Reproduce the data exactly as it stands.

• • • •

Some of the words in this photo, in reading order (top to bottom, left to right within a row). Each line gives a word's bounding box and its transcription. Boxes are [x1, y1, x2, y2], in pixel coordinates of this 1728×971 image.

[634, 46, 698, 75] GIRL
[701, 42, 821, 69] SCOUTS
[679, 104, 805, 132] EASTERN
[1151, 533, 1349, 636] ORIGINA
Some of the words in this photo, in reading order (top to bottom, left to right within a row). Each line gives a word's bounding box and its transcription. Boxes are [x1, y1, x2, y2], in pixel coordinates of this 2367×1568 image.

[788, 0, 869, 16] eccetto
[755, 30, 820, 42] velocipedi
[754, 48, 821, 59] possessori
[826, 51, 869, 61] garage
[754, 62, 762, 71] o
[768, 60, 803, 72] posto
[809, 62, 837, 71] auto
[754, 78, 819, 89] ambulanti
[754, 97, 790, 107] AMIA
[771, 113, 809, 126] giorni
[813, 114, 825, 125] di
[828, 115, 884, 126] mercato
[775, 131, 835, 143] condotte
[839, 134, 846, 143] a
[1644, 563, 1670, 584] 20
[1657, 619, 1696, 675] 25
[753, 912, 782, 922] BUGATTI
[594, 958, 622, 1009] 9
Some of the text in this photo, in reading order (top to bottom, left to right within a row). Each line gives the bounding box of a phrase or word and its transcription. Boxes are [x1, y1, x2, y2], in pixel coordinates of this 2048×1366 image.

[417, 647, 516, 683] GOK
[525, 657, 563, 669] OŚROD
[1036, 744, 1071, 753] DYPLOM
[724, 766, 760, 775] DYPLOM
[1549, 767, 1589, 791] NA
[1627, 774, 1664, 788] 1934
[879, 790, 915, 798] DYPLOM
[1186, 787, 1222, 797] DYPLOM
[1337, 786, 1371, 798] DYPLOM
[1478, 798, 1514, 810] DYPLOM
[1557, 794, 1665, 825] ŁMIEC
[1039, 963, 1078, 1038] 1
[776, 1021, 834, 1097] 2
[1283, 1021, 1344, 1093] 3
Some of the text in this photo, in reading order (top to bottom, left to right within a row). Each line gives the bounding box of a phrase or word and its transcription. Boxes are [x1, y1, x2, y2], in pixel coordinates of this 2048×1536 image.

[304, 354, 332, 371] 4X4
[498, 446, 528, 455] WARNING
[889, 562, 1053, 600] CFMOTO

• • • •

> [Solution for this exercise]:
Some of the words in this photo, in reading order (top to bottom, left to right within a row). Each line gives a word's bounding box and its transcription. Boxes are [x1, y1, x2, y2], in pixel coordinates of this 1728×971 image.

[634, 46, 698, 75] GIRL
[701, 42, 821, 69] SCOUTS
[679, 104, 805, 132] EASTERN
[1151, 533, 1349, 636] ORIGINA
Some of the words in this photo, in reading order (top to bottom, left to right within a row). Each line gives a word's bounding box and its transcription. Boxes are [x1, y1, x2, y2], in pixel coordinates of this 2367×1568 image.

[788, 0, 869, 16] eccetto
[755, 30, 820, 42] velocipedi
[754, 48, 821, 59] possessori
[826, 51, 869, 61] garage
[754, 62, 762, 71] o
[768, 60, 803, 72] posto
[809, 62, 837, 71] auto
[754, 78, 819, 89] ambulanti
[754, 97, 790, 107] AMIA
[771, 113, 809, 126] giorni
[813, 114, 825, 125] di
[828, 115, 884, 126] mercato
[775, 131, 835, 143] condotte
[839, 134, 846, 143] a
[1644, 563, 1670, 584] 20
[1657, 619, 1696, 675] 25
[753, 912, 782, 922] BUGATTI
[594, 958, 622, 1009] 9
Some of the text in this photo, in reading order (top to bottom, left to right within a row). Each line gives the bounding box of a phrase or word and its transcription. Boxes are [x1, y1, x2, y2], in pixel coordinates of this 2048×1366 image.

[417, 647, 516, 683] GOK
[525, 657, 563, 669] OŚROD
[1036, 744, 1071, 753] DYPLOM
[724, 766, 760, 775] DYPLOM
[1549, 767, 1589, 791] NA
[1627, 774, 1664, 788] 1934
[879, 790, 915, 798] DYPLOM
[1186, 787, 1222, 797] DYPLOM
[1337, 786, 1371, 798] DYPLOM
[1478, 798, 1514, 810] DYPLOM
[1557, 794, 1665, 825] ŁMIEC
[1039, 963, 1078, 1038] 1
[776, 1021, 834, 1097] 2
[1283, 1021, 1344, 1093] 3
Some of the text in this photo, in reading order (top to bottom, left to right within a row). Each line gives the bounding box of a phrase or word and its transcription. Boxes are [x1, y1, x2, y2], in pixel coordinates of this 2048×1536 image.

[304, 354, 332, 371] 4X4
[498, 446, 528, 455] WARNING
[889, 562, 1053, 600] CFMOTO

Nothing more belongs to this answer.